§ **Exercise objective**:
Transcribe the records word for word. Leave every picture out.

(Collected data)
^^^^^^^^

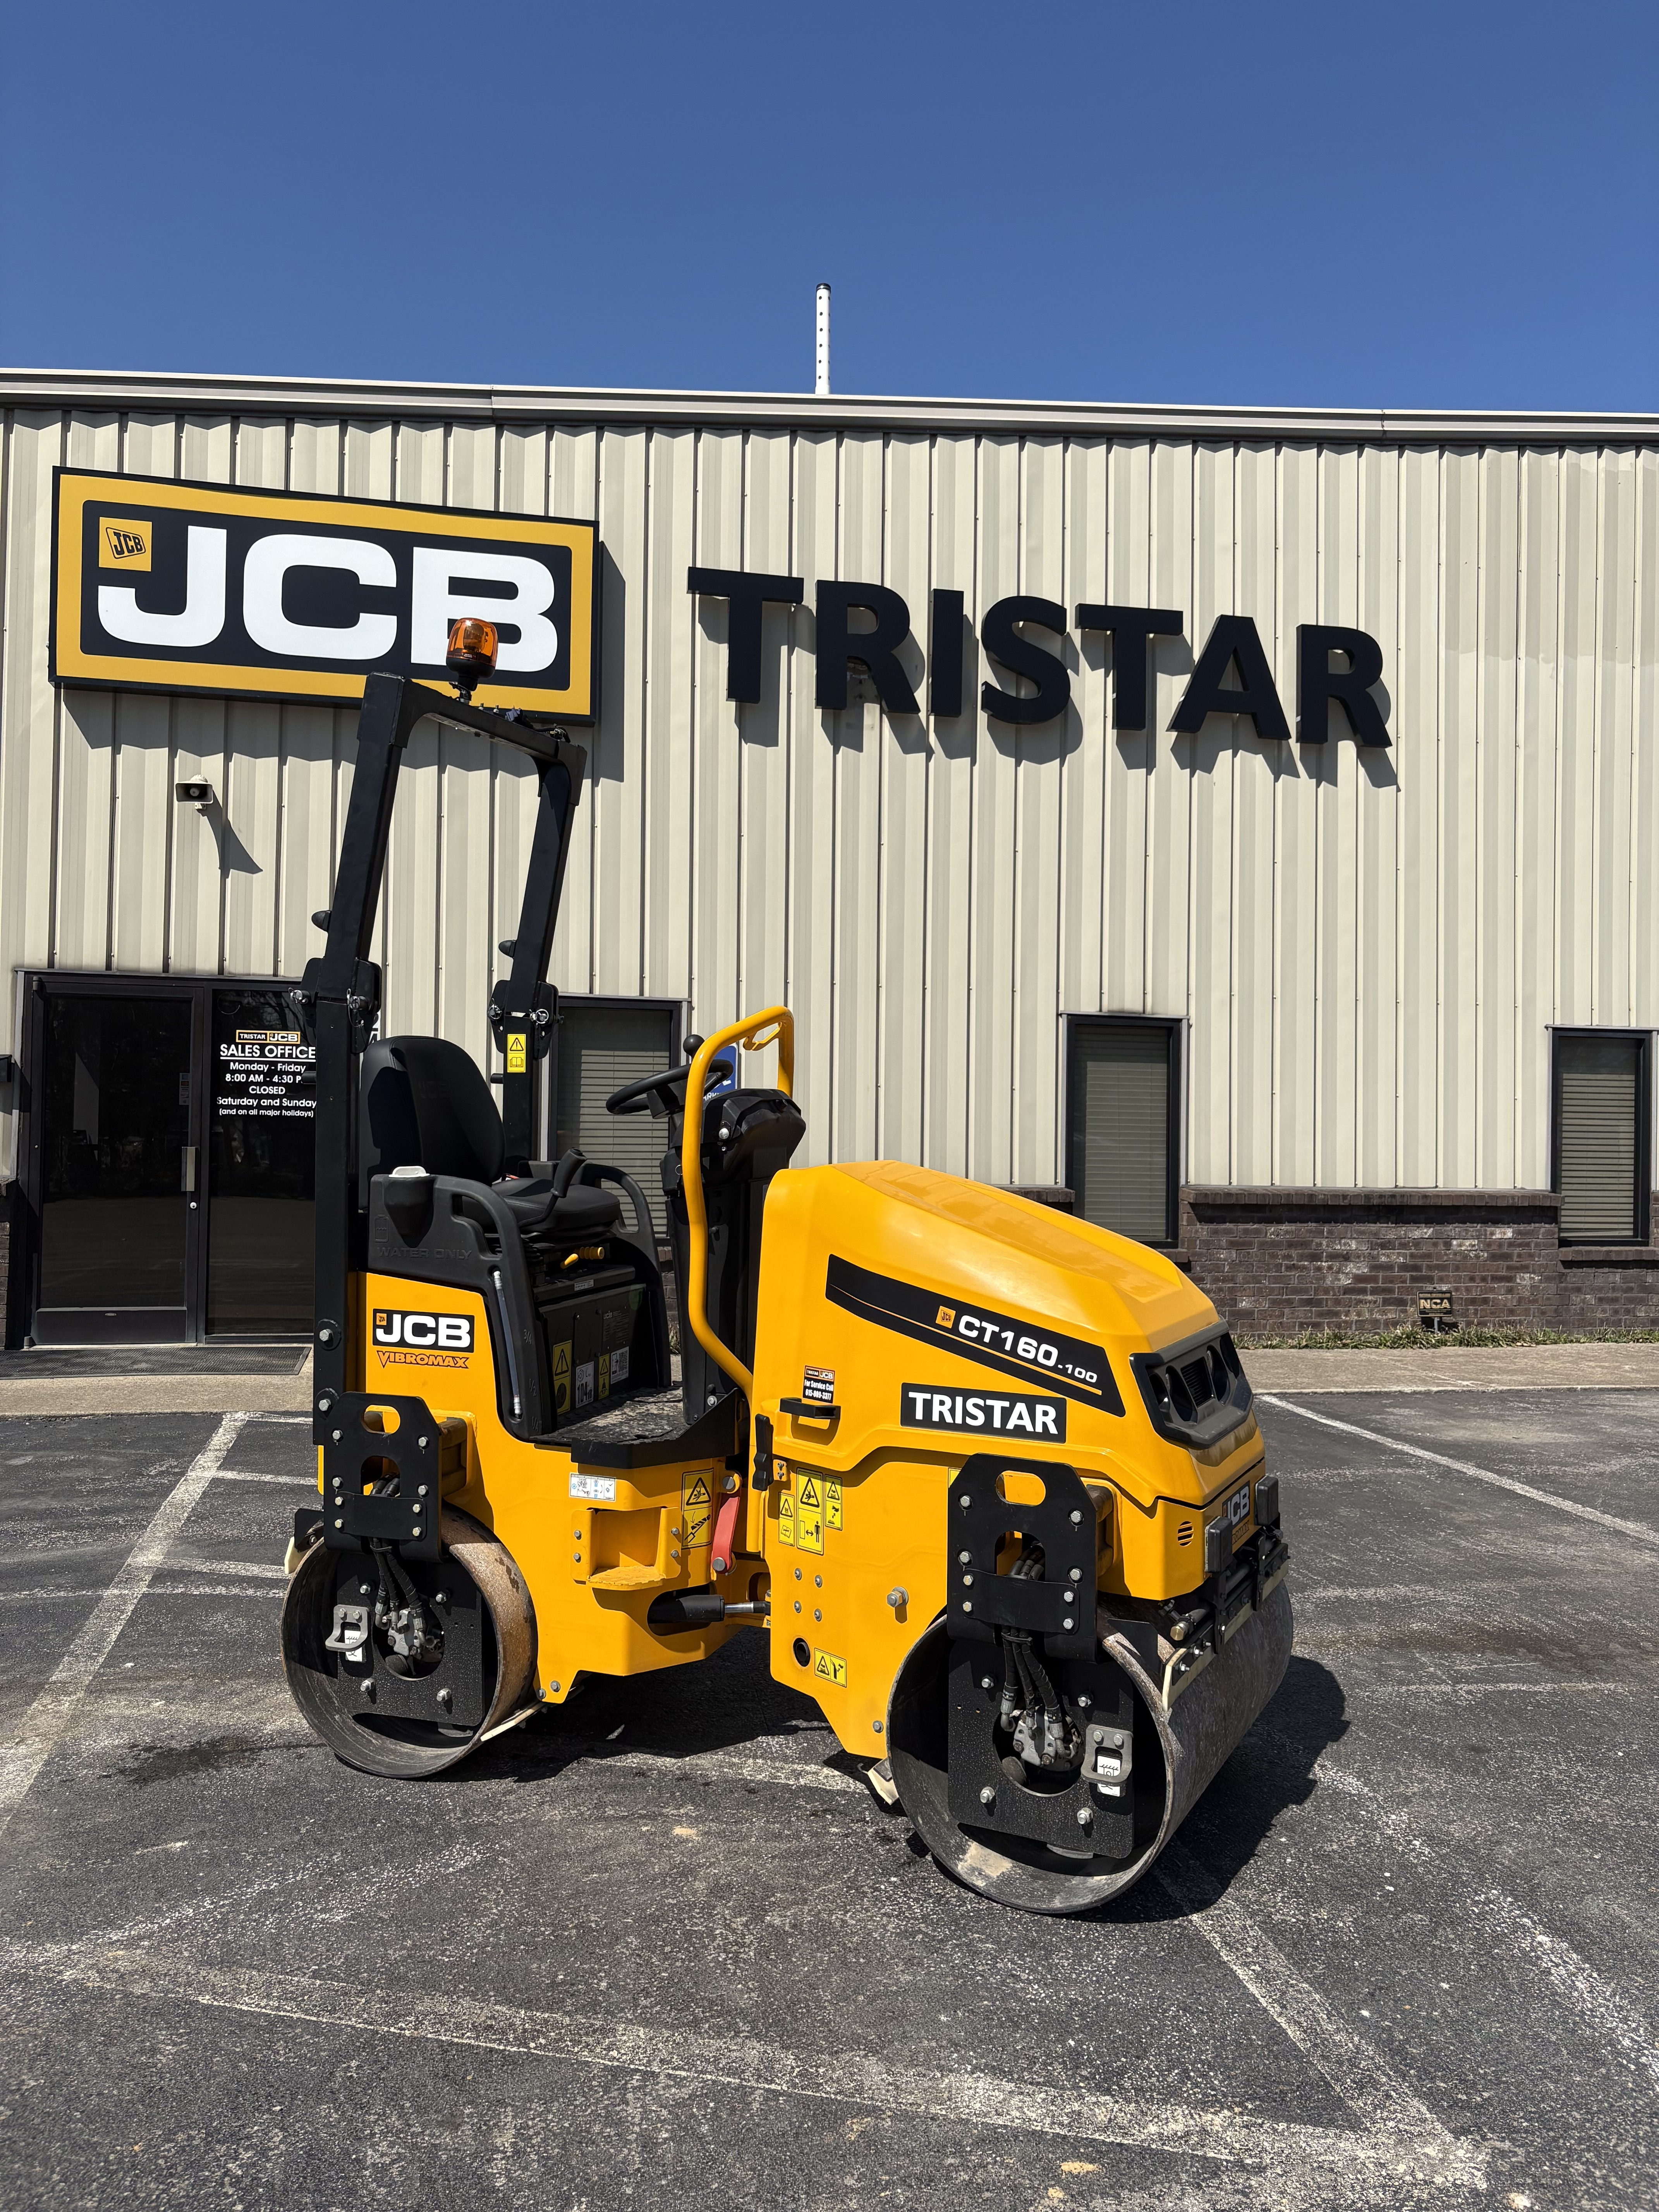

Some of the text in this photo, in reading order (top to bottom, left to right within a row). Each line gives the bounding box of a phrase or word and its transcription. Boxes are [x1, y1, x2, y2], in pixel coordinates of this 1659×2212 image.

[113, 531, 143, 555] JCB
[98, 526, 558, 672] JCB
[687, 567, 1393, 749] TRISTAR
[270, 1033, 298, 1041] JCB
[220, 1044, 316, 1058] SALES OFFICE
[230, 1062, 269, 1072] Monday
[278, 1063, 306, 1073] Friday
[249, 1086, 285, 1094] CLOSED
[216, 1097, 258, 1107] Saturday
[282, 1099, 317, 1108] Sunday
[282, 1109, 314, 1118] holidays)
[377, 1247, 472, 1260] WATER ONLY
[1420, 1299, 1451, 1309] NCA
[376, 1314, 471, 1348] JCB
[524, 1329, 532, 1345] 3/4
[376, 1350, 469, 1369] VIBROMAX
[820, 1371, 833, 1379] JCB
[811, 1381, 826, 1389] Service
[908, 1392, 1058, 1434] TRISTAR

^^^^^^^^

§ **Answer to the exercise**:
Some of the text in this photo, in reading order (top to bottom, left to right within a row). Each line gives the bounding box of a phrase or word and its transcription. Boxes are [x1, y1, x2, y2], in pixel coordinates of this 1659×2212 image.

[113, 531, 143, 555] JCB
[98, 526, 558, 672] JCB
[687, 567, 1393, 749] TRISTAR
[270, 1033, 298, 1041] JCB
[220, 1044, 316, 1058] SALES OFFICE
[230, 1062, 269, 1072] Monday
[278, 1063, 306, 1073] Friday
[249, 1086, 285, 1094] CLOSED
[216, 1097, 258, 1107] Saturday
[282, 1099, 317, 1108] Sunday
[282, 1109, 314, 1118] holidays)
[377, 1247, 472, 1260] WATER ONLY
[1420, 1299, 1451, 1309] NCA
[376, 1314, 471, 1348] JCB
[524, 1329, 532, 1345] 3/4
[376, 1350, 469, 1369] VIBROMAX
[820, 1371, 833, 1379] JCB
[811, 1381, 826, 1389] Service
[908, 1392, 1058, 1434] TRISTAR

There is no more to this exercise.